选用鼠伤寒沙门菌TA97、TA98、TA100、TA102等4株菌株,用大鼠肝脏微粒体酶(S₉)作为体外代谢活化系统,采用平板掺入法,37℃培养48h,以可观察到的菌苔变薄的最低浓度做为试验的最高浓度。计算每皿回变菌落数(±s),受试物经4个菌株测定后,无论在+S₉或/和-S₉条件下,回变菌落数达溶剂对照≥2倍,并呈剂量-反应关系,判定为致突变阳性。

采用SPSS 13.0软件进行统计处理。采用χ² 检验比较染色体畸变率的差异。

中方实验室检测结果显示,8种染发剂样品中,YL-10(+S9)和BA(-S9)与阴性对照组比较,均有一个剂量引起染色体畸变率增加,差异均有统计学意义(P＜0105),呈现一定的致突变性;日方实验室结果显示,8种染发剂样品均具有致突变性。双方实验室体外哺乳动物细胞染色体畸变试验阳性结果的一致率为25%,差异有统计学意义(P＜0101)。

中方实验室检测结果显示,BA、PS-N6无致突变性,其余6种样品为致突变阳性;日方8种样品均具有致突变性。双方实验室Ames试验阳性结果的一致率为75%,差异无统计学意义(P>0105)。

从染色体畸变试验和Ames试验结果显示,日方实验室2项试验8种染发剂样品均具有致突变性,2种方法的检出一致率为100%;中方实验室2项试验分别检出2种和6种致突变阳性样品,中方2种方法的检出一致率为25%。

表 1

表 1 中日双方试验结果比较

表 1 中日双方试验结果比较

氧化型染发剂具有一定的致突变性,为了保证消费者使用安全,对其进行致突变性检测是染发产品安全性评价中的关键^{〔3, 4〕}。本研究结果表明,双方Ames试验结果的一致性比较好,而体外哺乳动物细胞染色体畸变试验结果差异较大。在采用相同试验方法的情况下,分析后者的原因,可能与双方试验时选用的细胞株不同、最高剂量设定方法不同以及染发剂Ⅰ剂与Ⅱ剂混合作用时间不同等因素有关。为了增强双方试验结果的可比性,有必要对体外哺乳动物细胞染色体畸变试验中关键操作步骤做出标化和优化,以使该方法在致突变性检测方面更具应用意义。

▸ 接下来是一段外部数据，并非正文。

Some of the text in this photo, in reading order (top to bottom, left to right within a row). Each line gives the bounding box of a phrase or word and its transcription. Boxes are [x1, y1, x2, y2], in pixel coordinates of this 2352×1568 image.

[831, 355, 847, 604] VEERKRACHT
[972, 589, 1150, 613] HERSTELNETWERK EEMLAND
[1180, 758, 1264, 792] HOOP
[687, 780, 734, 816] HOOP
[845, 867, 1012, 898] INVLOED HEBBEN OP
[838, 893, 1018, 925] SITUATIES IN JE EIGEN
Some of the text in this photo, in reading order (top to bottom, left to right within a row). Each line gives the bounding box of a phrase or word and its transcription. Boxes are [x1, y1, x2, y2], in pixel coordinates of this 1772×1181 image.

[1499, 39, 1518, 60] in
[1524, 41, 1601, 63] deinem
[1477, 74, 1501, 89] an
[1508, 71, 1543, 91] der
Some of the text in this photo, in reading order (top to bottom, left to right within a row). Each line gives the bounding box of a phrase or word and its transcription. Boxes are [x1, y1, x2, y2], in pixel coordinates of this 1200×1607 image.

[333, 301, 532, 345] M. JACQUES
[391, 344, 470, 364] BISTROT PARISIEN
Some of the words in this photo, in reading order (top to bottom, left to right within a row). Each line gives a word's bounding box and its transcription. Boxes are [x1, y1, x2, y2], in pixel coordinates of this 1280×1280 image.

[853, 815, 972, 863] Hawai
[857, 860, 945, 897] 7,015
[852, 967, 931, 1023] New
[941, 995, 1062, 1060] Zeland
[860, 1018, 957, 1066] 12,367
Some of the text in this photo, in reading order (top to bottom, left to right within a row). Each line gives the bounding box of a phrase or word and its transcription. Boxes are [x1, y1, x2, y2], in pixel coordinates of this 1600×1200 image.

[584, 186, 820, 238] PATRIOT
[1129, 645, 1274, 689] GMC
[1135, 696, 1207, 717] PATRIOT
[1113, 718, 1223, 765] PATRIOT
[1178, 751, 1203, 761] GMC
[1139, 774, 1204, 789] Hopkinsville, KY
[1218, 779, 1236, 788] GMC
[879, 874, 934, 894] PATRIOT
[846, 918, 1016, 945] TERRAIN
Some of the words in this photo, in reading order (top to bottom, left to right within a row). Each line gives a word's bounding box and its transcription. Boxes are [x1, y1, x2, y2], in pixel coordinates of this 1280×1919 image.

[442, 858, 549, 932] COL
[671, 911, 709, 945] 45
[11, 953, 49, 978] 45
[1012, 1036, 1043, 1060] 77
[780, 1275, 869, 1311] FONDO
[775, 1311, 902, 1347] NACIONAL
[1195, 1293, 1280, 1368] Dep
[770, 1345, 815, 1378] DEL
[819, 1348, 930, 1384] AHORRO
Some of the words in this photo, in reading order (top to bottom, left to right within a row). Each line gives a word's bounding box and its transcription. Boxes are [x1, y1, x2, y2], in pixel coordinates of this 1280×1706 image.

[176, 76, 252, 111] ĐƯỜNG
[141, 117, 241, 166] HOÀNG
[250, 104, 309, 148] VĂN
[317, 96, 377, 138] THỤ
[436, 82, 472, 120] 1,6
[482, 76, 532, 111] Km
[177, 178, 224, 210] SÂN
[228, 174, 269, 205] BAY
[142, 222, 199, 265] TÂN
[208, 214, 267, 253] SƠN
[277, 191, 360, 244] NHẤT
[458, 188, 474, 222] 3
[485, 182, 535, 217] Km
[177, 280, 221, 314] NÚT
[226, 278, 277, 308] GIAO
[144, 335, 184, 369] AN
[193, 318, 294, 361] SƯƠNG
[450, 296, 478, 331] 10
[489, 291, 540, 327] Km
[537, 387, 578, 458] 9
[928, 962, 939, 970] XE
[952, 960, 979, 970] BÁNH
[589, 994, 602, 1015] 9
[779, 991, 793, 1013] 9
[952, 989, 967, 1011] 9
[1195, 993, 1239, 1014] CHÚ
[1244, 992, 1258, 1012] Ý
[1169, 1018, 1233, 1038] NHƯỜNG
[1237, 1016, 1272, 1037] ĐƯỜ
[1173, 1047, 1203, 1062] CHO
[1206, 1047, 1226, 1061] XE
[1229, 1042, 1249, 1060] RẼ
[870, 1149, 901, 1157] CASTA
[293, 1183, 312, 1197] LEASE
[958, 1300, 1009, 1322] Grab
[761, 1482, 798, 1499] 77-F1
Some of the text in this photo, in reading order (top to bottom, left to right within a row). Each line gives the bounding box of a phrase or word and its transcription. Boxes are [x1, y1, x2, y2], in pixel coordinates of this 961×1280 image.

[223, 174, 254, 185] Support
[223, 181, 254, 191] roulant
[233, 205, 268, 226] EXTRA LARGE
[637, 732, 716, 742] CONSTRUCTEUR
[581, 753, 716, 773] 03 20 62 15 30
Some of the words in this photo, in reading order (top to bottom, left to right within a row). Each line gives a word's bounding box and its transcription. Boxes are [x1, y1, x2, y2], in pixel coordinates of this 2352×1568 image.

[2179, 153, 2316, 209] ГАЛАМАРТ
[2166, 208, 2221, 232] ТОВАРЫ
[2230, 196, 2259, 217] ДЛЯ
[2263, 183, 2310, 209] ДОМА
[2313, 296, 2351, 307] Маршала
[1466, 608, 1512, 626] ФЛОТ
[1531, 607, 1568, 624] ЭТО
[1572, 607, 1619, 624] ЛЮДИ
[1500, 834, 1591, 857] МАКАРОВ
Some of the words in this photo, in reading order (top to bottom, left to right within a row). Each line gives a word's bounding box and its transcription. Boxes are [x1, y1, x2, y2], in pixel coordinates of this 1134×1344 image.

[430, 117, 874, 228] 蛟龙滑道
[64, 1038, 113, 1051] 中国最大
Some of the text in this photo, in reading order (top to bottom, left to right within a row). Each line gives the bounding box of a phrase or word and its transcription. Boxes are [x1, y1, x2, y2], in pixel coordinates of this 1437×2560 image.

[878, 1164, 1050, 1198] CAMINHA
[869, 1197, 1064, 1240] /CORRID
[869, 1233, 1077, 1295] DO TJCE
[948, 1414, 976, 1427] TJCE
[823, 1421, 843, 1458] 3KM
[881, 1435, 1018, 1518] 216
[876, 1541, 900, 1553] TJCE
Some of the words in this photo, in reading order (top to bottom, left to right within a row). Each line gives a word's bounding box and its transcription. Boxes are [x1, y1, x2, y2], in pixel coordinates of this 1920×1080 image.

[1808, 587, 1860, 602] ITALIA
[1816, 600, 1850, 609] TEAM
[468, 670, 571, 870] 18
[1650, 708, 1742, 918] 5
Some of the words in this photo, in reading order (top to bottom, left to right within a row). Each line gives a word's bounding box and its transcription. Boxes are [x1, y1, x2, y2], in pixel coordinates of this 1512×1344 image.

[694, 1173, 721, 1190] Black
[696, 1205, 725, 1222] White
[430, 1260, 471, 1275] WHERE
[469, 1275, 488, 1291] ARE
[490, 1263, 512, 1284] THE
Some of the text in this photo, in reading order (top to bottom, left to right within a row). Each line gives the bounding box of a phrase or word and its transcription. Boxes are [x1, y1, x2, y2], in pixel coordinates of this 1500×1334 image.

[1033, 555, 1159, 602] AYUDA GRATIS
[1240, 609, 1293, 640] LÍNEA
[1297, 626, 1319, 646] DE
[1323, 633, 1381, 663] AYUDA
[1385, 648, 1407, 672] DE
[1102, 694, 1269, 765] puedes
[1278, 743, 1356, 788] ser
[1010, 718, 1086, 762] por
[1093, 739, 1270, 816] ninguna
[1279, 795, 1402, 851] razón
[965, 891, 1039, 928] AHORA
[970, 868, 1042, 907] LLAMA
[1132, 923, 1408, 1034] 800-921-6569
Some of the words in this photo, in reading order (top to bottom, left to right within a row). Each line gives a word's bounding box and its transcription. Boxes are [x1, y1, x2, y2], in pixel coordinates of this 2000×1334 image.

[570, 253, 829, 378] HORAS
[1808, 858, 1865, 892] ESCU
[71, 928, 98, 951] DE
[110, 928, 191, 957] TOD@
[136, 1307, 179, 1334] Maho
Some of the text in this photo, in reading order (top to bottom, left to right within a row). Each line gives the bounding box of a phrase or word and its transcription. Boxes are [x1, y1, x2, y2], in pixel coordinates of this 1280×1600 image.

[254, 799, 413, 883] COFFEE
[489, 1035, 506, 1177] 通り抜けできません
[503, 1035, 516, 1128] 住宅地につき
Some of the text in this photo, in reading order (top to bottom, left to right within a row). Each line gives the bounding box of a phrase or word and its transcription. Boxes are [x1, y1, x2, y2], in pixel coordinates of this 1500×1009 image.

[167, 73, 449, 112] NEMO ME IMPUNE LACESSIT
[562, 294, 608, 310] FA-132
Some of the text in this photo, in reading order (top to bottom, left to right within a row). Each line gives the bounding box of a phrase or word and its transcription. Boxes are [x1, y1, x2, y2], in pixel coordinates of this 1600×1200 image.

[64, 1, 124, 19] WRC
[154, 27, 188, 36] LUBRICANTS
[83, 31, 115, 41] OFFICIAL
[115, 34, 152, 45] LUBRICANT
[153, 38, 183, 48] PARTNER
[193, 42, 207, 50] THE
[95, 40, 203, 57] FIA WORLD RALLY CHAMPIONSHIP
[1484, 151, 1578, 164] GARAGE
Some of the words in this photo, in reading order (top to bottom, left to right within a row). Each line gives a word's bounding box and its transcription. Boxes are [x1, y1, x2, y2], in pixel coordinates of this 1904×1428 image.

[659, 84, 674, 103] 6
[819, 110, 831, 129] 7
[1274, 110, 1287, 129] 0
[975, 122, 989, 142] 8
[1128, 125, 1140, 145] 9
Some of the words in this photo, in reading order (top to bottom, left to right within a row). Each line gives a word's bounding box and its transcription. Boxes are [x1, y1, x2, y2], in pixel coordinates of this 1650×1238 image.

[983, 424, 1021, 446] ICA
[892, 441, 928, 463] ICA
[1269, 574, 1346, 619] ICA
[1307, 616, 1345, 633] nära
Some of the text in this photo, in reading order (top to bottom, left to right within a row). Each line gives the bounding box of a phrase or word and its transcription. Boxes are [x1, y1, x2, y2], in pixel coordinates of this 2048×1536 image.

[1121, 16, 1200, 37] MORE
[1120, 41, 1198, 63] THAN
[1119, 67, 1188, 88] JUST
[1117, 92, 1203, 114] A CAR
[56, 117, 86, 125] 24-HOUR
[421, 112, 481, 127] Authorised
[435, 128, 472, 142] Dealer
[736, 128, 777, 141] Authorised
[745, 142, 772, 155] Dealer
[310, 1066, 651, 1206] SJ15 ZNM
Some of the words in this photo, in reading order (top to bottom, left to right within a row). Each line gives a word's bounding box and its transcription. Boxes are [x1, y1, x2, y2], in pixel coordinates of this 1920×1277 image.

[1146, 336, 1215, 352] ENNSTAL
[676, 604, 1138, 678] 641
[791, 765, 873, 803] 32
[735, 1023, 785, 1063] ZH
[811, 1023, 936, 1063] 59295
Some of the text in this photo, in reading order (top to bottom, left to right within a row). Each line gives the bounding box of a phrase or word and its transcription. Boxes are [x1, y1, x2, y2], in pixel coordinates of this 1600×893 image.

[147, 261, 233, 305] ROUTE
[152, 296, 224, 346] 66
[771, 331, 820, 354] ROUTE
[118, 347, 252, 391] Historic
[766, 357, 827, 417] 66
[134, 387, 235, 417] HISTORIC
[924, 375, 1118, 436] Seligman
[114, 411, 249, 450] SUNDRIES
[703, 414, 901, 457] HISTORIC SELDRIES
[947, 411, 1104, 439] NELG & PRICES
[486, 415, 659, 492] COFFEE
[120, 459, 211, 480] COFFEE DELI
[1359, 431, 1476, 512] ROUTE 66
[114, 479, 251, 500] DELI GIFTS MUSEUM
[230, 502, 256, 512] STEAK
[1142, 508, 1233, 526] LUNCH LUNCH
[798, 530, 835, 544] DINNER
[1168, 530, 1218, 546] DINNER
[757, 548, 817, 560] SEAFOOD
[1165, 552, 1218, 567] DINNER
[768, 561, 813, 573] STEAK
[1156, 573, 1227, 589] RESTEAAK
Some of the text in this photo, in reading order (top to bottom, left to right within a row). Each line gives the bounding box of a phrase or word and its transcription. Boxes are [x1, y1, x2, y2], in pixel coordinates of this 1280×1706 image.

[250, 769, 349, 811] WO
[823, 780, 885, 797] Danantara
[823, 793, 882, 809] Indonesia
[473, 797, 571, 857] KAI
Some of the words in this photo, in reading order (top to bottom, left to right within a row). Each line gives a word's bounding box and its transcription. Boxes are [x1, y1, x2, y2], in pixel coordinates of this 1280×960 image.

目前,欧盟对染发剂致突变性安全性评价常使用细菌回复突变试验、哺乳动物细胞基因突变体外试验、体外哺乳动物细胞染色体畸变试验、体外微核试验和体外哺乳动物细胞非程序化DNA合成试验等5种体外试验方法^〔5〕。其目的是要全面评估某种物质的潜在致突变性,获得有关基因突变、染色体断裂畸变、染色体数量改变及DNA损伤方面的详细资料。本研究中,中方实验室2种方法有2个受试样品试验结果具有一致性,而日方2种方法结果全部一致。为了保证染发剂安全性评价的全面性和完整性,应对其余3项试验进行补充和验证,必要时还应追加体内哺乳动物细胞微核试验。